In the present case, the defendant’s employee handbook lays out its medical leave policy, which affords a maximum of twelve weeks leave during a twelve-month period for employees who have completed six months of service with the company and have suffered work-related injuries. During the plaintiff’s deposition, she stated that she signed an "employee acknowledgment form," witnessed by Wuller, acknowledging receipt of the defendant’s employee handbook. In addition, the plaintiff acknowledged that it was her responsibility to read and comply with the company policies contained within the handbook, and that she should contact human resources with any questions. Even though the plaintiff admits that it is her signature on the employee acknowledgment form, she maintains that she never received a copy of the handbook and did not know she was responsible for understanding its contents.

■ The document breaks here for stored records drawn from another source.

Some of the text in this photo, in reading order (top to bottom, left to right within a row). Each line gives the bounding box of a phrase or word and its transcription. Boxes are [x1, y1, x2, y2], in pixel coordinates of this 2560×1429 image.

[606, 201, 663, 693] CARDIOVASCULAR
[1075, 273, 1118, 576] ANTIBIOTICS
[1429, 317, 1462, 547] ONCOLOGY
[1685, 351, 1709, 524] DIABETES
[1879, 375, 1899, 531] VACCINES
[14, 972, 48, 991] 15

In further support of its motion for summary judgment, the defendant submitted a copy of the plaintiff’s doctor’s note, dated June 11, 2015, which stated that the plaintiff was making significant progress in her recovery, but would not be allowed to return to work for another month. The plaintiff’s leave commenced on, or before, March 5, 2015. Therefore, extending the plaintiff’s leave for an additional month would exceed the maximum allowable twelve-week leave of absence within a twelve-month period, as provided in the employee handbook. The defendant also submitted excerpts from Wuller’s deposition transcript, wherein Wuller stated that due to the plaintiff’s absence, the other twenty or so data collection specialists were required to pick up the backlog of case work. Wuller further stated that there was still an accumulation of cases that needed to be processed when the company terminated the plaintiff’s employment. As a result of the plaintiff’s absence and, in an effort to keep up with the accumulated workload, the defendant had to hire another employee who was elevated from a temporary to a full-time position.

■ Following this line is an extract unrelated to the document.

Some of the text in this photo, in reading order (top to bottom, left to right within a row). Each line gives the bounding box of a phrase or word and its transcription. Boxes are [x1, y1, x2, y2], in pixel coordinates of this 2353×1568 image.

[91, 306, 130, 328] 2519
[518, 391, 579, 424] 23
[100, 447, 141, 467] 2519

The defendant notes that the plaintiff was not even an employee eligible for leave, as defined in the employee handbook, because she had not been a regular Medsolutions employee for six months. Nonetheless, they allowed her the maximum amount of medical leave of twelve weeks.

In response to the defendant’s motion for summary judgment, the plaintiff counters that there is a genuine issue of material fact as to the discriminatory nature of her termination. Namely, the plaintiff maintains that the defendant did not have a neutral absence policy, and even if it did, the plaintiff was terminated for discriminatory or retaliatory reasons based on her workers’ compensation claim. The plaintiff’s deposition transcript reflects that the plaintiff was injured when she fell outside of work; that she informed Wuller of her injury; and went to visit a doctor. The plaintiff required an extended leave of absence from work due to the extent of her injuries, which was communicated to the defendant via fax and through copies of the plaintiff’s doctor’s notes. Following her injury, the plaintiff filed a workers’ compensation claim and notified the defendant of her impending action. While out on leave, on June 22, 2015, the plaintiff received a telephone call from a member of the human resources staff, with Wuller also on the line, notifying the plaintiff that her employment was terminated. The explanation the plaintiff recalls being given for the decision was that she was out of work for too long a period of time and provided too many doctor’s notes. The plaintiff testified that at the time of her firing she had expected to be back at work within a few weeks. She also recalled a conversation with her doctor on June 22, 2015, during which he revealed that she would be able to return to work in a couple of weeks. The plaintiff further testified that she never received or read the defendant’s employee handbook and was unaware of any leave of absence policies. She also argues that Wuller stated in her deposition that she did not recall a neutral absence control policy in the company handbook. Further, the plaintiff asserts that Wuller could not remember whether the plaintiff was terminated for providing too many doctor’s notes or for being absent from work for too long a period of time. Wuller did, however, recall being included on a human resources email wherein the company stated that for business reasons it could no longer afford to hold the plaintiff’s position open.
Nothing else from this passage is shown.